Moreover, in the diagnostic task psychiatrists rely in uncomfortably large measure on social criteria and value judgments. As the British sociologist Kathleen Jones reminds us, society would not be able to determine what was normal if it failed to designate certain acts and certain people as abnormal or antisocial. William Fulford and Walter Reich have contributed handsomely to the question of what constitutes a mental disorder by dissecting the complex process psychiatrists use to determine whether a diagnosis should be applied to a specific constellation of mental or behavioral features. Fulford (1999) stresses the place of values in clinical practice overall, positing that diagnoses in both physical and psychological medicine are an admixture of the factual and the evaluative. For him the concept of mental illness is on the same logical platform as the concept of physical illness.

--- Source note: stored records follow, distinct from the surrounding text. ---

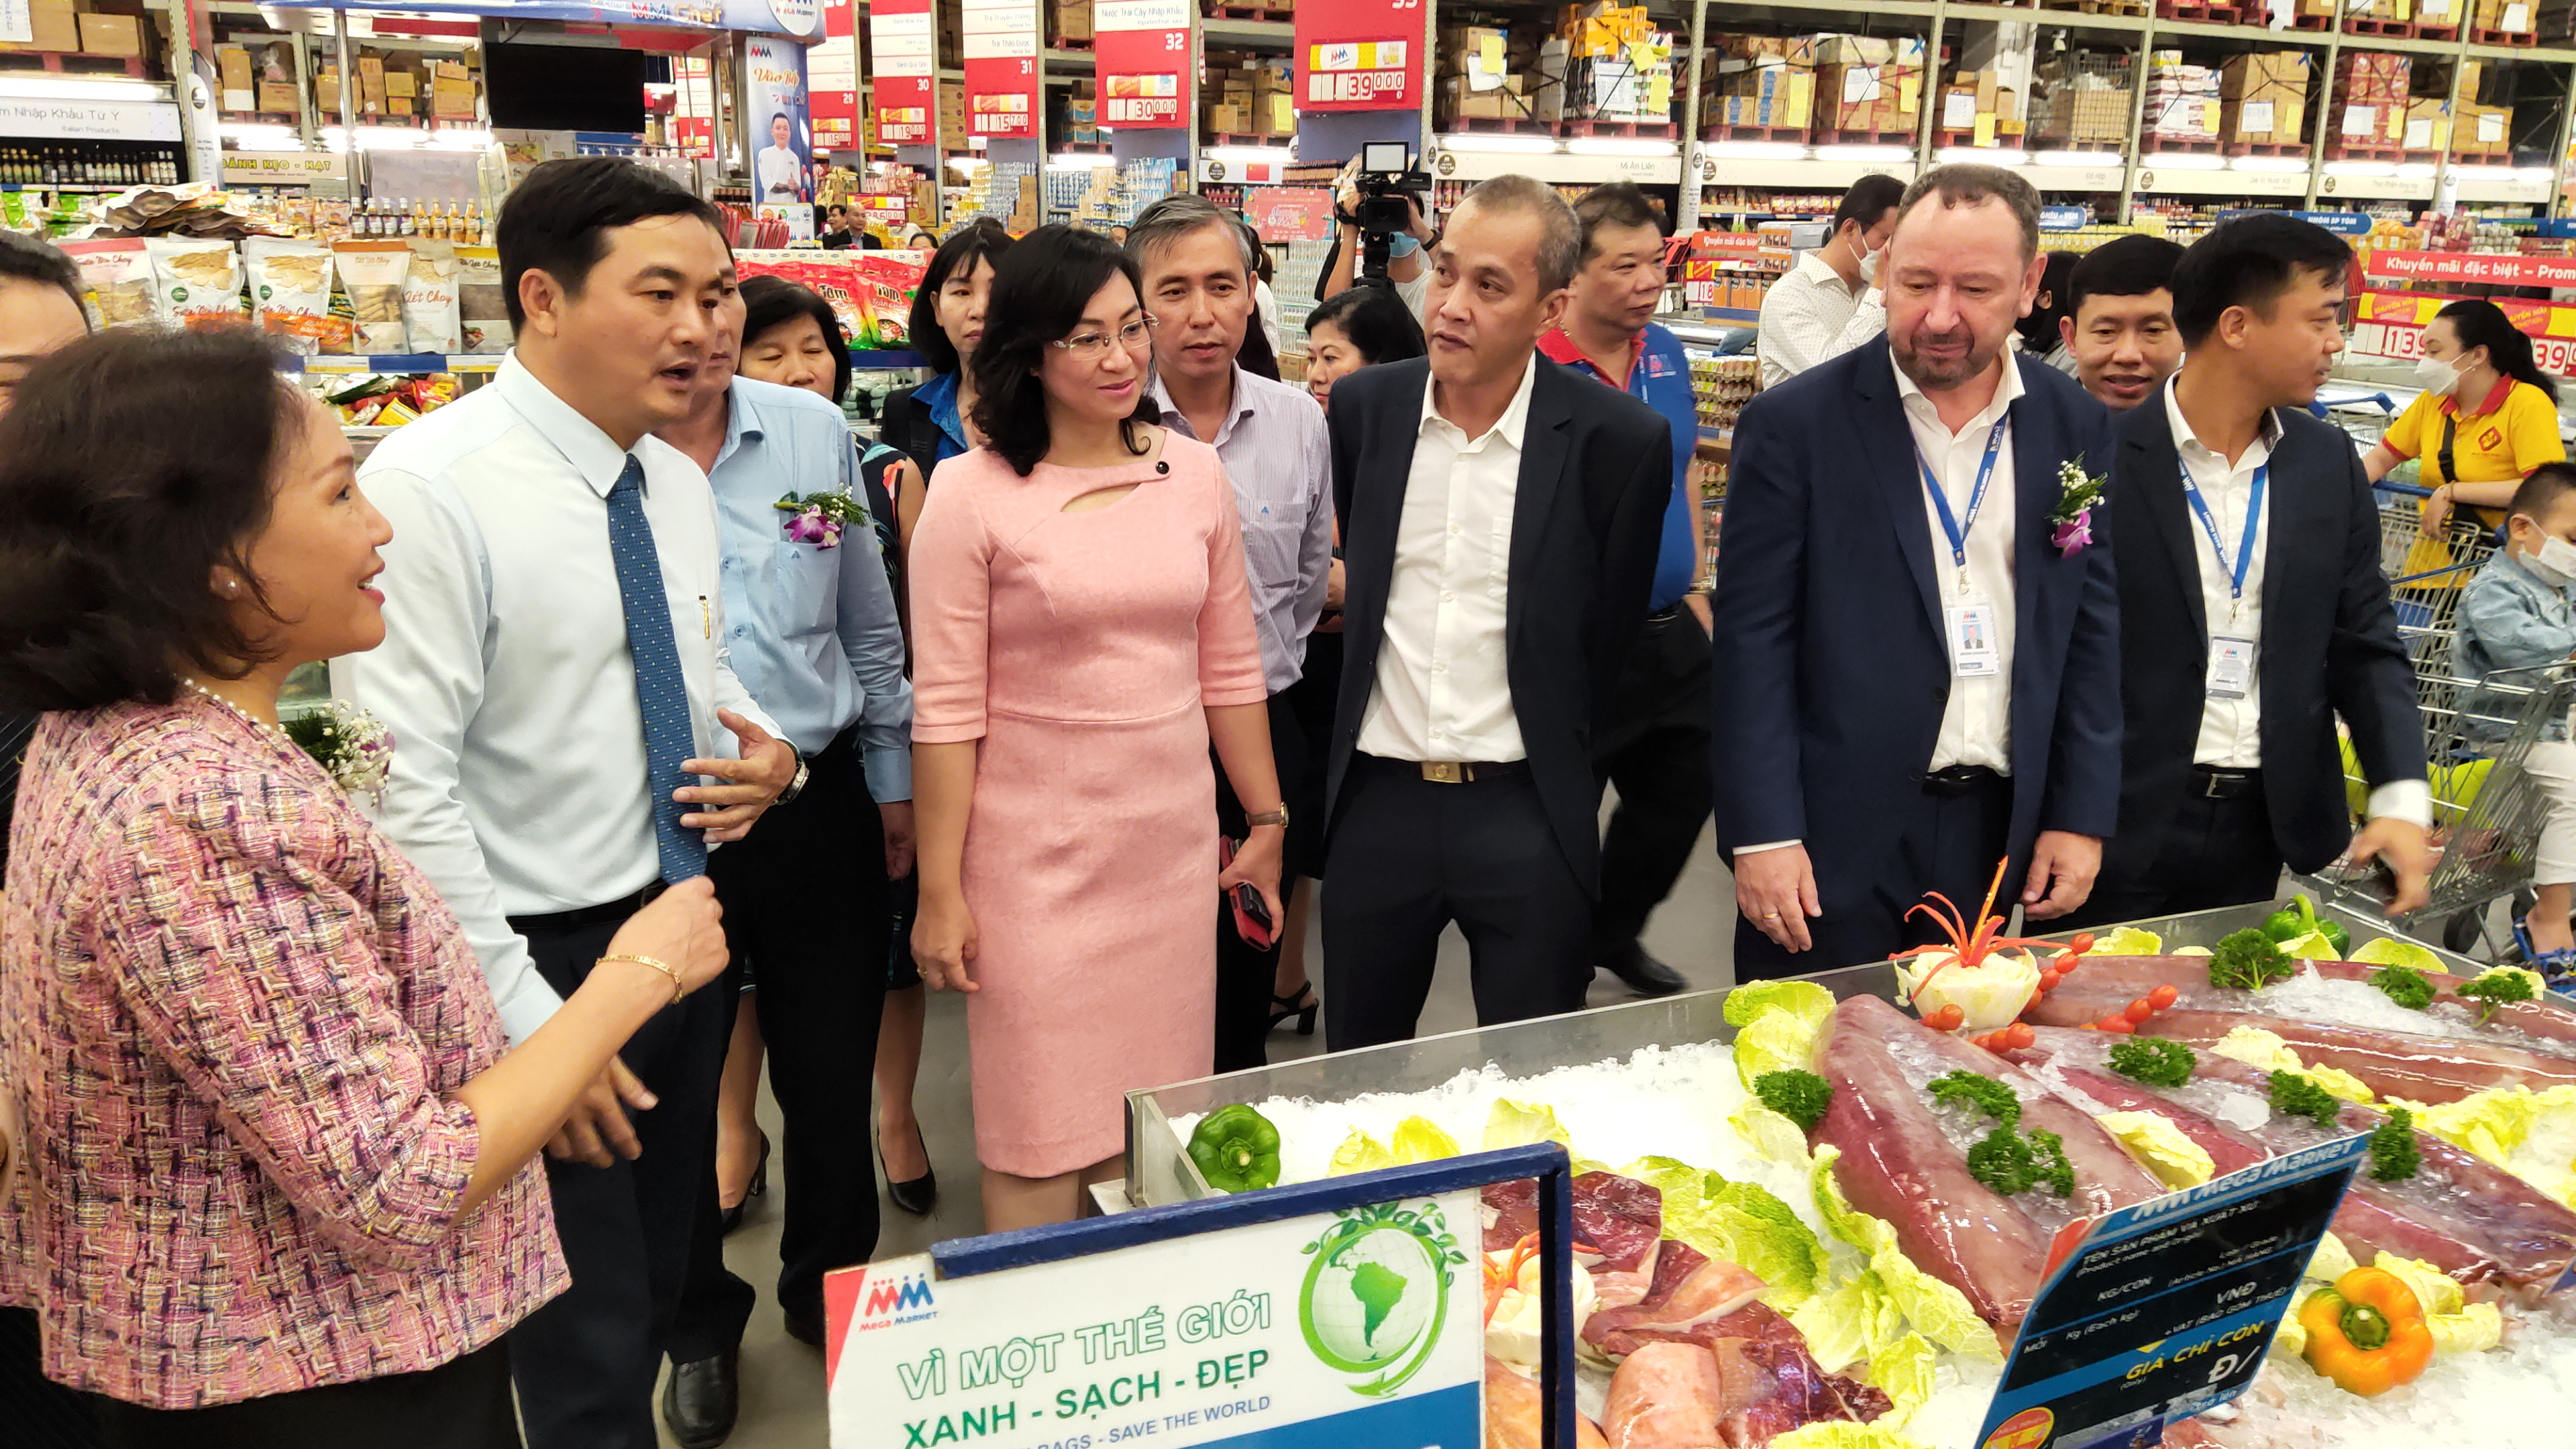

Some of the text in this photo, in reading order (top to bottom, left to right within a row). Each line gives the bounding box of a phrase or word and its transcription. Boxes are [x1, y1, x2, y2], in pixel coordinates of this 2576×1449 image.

[1165, 32, 1184, 50] 32
[1020, 60, 1032, 74] 31
[917, 78, 929, 91] 30
[843, 93, 853, 104] 29
[263, 159, 289, 172] KẸO
[305, 160, 331, 172] HẠT
[2386, 256, 2434, 272] Khuyến
[2437, 258, 2460, 273] mãi
[2463, 260, 2488, 277] đặc
[2492, 262, 2520, 280] biệt
[427, 288, 452, 308] Chay
[2194, 1165, 2263, 1201] Mega
[2262, 1140, 2358, 1178] Market
[865, 1274, 934, 1318] MM
[2216, 1281, 2257, 1304] VNĐ
[896, 1288, 1271, 1401] VÌ MỘT THẾ GIỚI
[2126, 1320, 2266, 1380] GIÁ CHỈ CÒN
[903, 1348, 1270, 1449] XANH - SẠCH - ĐẸP
[1109, 1419, 1157, 1444] SAVE
[1163, 1410, 1199, 1432] THE
[1203, 1395, 1271, 1422] WORLD

Reich makes explicit the vulnerability of the diagnostic process in psychiatry to error given its reliance on subjective criteria, the intrusion of bias and prejudice and shifting criteria leading to inconsistency and frequent change. Consider the illustrative diagnostic controversies which buttress Reich's contentions: the deletion of homosexuality as a condition following a poll of members of the American Psychiatric Association in 1973; intense debates over whether a concept like attention-deficit hyperactivity in children or in adults is valid; and the question of whether antisocial personality disorder is a valid disorder of personality functioning or mere social deviance (and therefore belongs within the sphere of crime and delinquency). Many more examples could be added to this list.

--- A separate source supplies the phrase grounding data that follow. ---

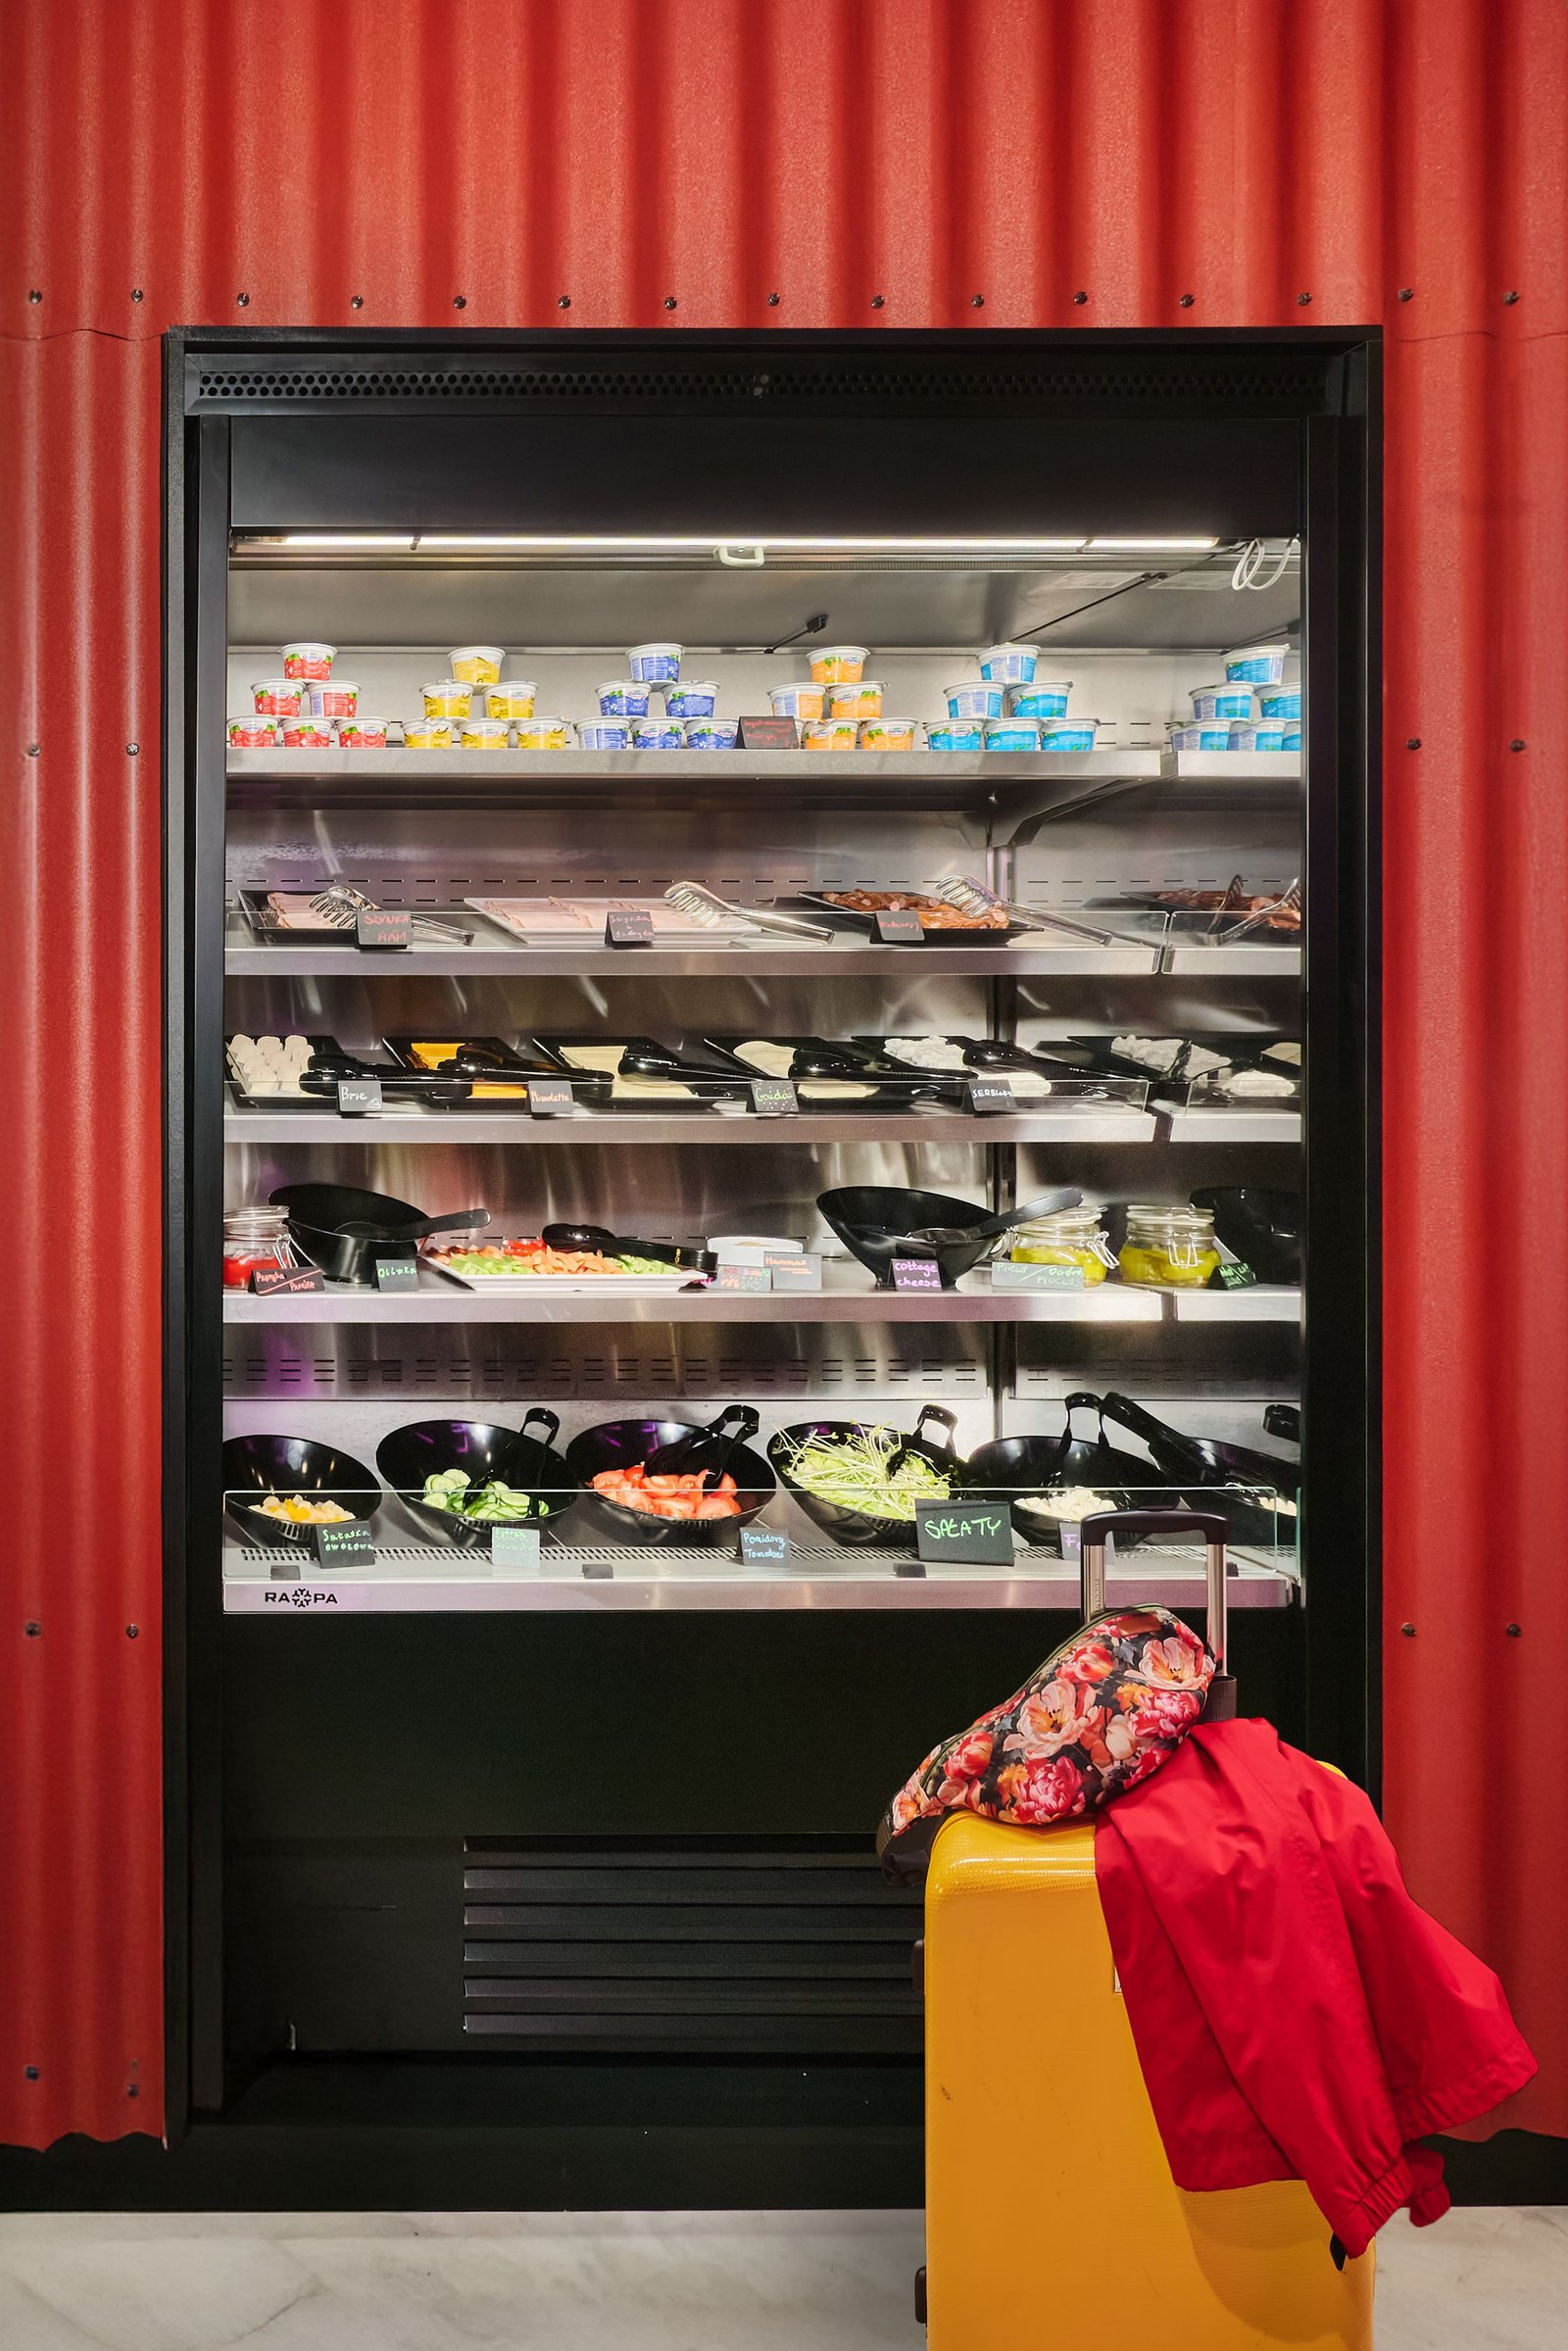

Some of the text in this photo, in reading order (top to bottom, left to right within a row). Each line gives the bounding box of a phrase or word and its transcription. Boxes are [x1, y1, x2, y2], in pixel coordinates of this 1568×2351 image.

[341, 1086, 368, 1102] Brie
[755, 1087, 793, 1102] Gouda
[894, 1260, 938, 1278] cottage
[896, 1276, 942, 1288] cheese
[743, 1532, 786, 1550] Pomidory

In the context of an ill-defined professional framework and the vague criteria for diagnosis, the psychiatrist is sanctioned by law to manage the situation in which a person suffers or is suspected of suffering from mental illness that may require enforced hospitalization and/or treatment to protect a person's welfare or that of others (Peele and Chodoff). This is an awesome responsibility in that a person may be deprived of his liberty, lose basic civil rights, and be subject to a range of legal regulations.

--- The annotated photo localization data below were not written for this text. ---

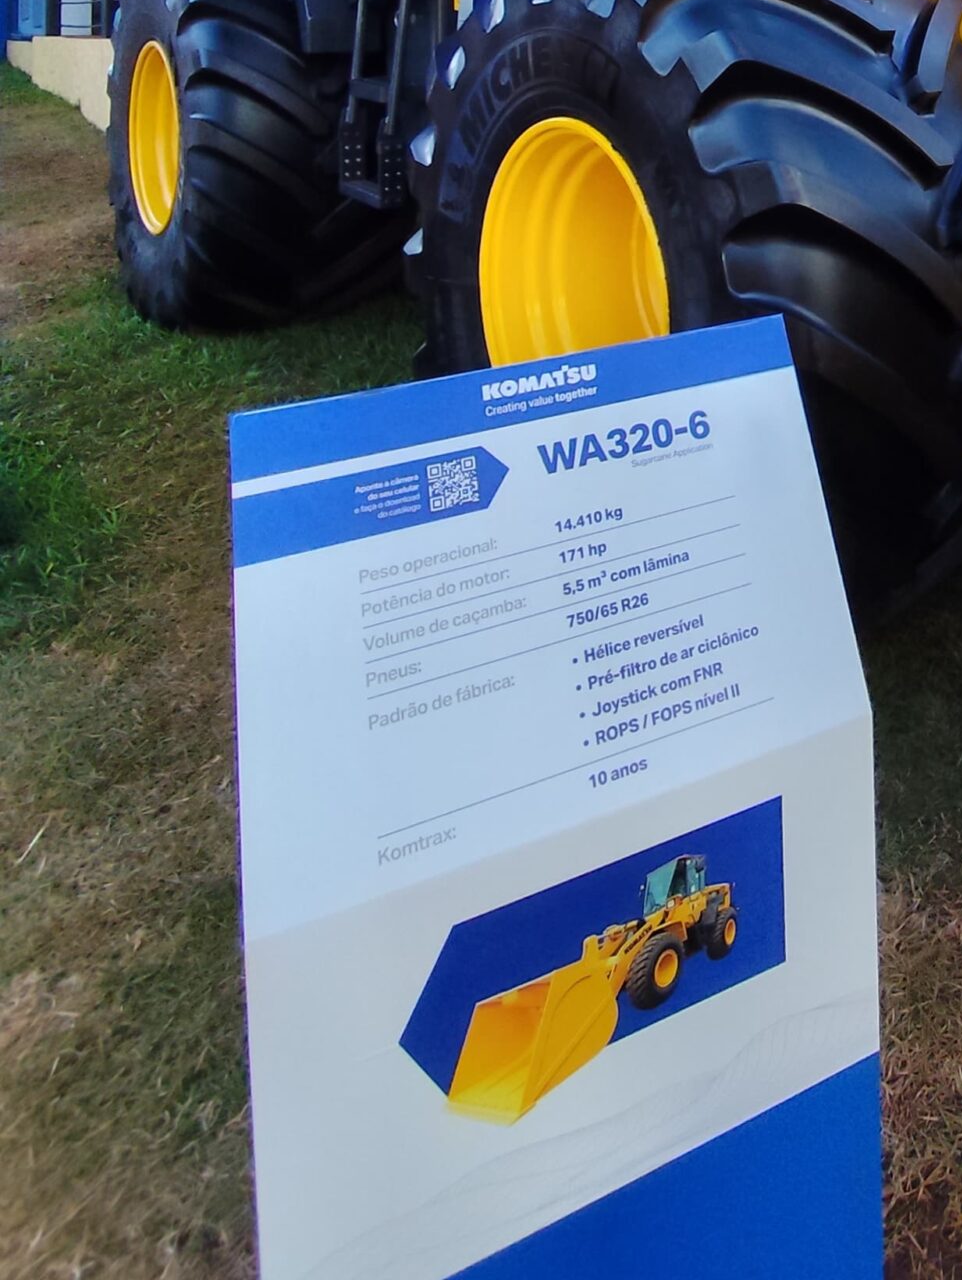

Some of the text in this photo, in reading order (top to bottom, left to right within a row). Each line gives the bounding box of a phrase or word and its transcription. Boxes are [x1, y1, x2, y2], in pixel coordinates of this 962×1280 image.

[481, 363, 597, 401] KOMATSU
[485, 386, 598, 417] Creating value together
[536, 410, 710, 474] WA320-6
[554, 508, 624, 533] 14.410 kg
[359, 538, 498, 584] Peso operacional:
[559, 543, 607, 564] 171 hp
[563, 578, 585, 596] 5,5
[610, 565, 641, 582] com
[643, 551, 690, 573] lâmina
[361, 569, 511, 617] Potência do motor:
[566, 593, 650, 628] 750/65 R26
[362, 597, 528, 651] Volume de caçamba:
[583, 614, 705, 664] Hélice reversível
[365, 661, 423, 688] Pneus:
[587, 625, 760, 690] Pré-filtro de ar ciclônico
[368, 675, 516, 731] Padrão de fábrica:
[592, 662, 724, 718] Joystick com FNR
[595, 718, 640, 745] ROPS
[651, 700, 693, 726] FOPS
[695, 687, 729, 711] nível
[588, 758, 648, 789] 10 anos
[377, 827, 456, 867] Komtrax:

Although commitment statutes in many jurisdictions, particularly those pertaining to determining the risk of dangerousness to self and/or others, have been rigorously scrutinized, a disconcerting uncertainty persists as to what constitute relevant criteria. Psychiatrists are caught in a dilemma of having to arrive at a judgment about a person's clinical needs and protecting her civil rights at the same time. The civil libertarian would insist that an inalienable right to liberty should be guaranteed above all other considerations whereas those with a paternalistic outlook would aver that society, through its legally sanctioned agents, has an obligation periodically to take measures, undesirable as they may be, to protect patient, society, or both from harm.

Soviet Psychiatric Abuse

In summary, ill-defined boundaries, the subjective basis of assessment, and the authority to treat a person involuntarily combine to make psychiatry especially vulnerable to abuse. The most clear-cut illustration of this was the use of psychiatry in the former Soviet Union to suppress political, religious, and other forms of dissent. These practices have been analyzed at length by several observers (Bloch and Reddaway 1977, 1984; see also Bukovsky; Plyushch).

Soviet psychiatry's boundaries were drawn in such a way that made the entire discipline subordinate to the pervasive influence, overt and covert, of the Soviet state and, more particularly, of the Communist Party. The monolithic form of the administrative structure, with power wielded by a small, compliant group of psychiatrists, allowed a political authority to mould the functions of all Soviet psychiatrists. Even if professional boundaries had been clearer, the totalitarian nature of the Soviet state prevented psychiatrists from functioning autonomously. The fact that boundaries were blurred made it all the easier for the state to exert control and influence the profession in terms of its ideology. The Soviet government's avowal that the interests of society were as pertinent as those of the individual paved the way for the principle of respect for autonomy to be undermined.

The Soviet abuse is a blatant reminder that psychiatrists may function in a state whose interests do not serve those of the society. The corollary is obvious—psychiatrists must act independently with regard to ethical standards.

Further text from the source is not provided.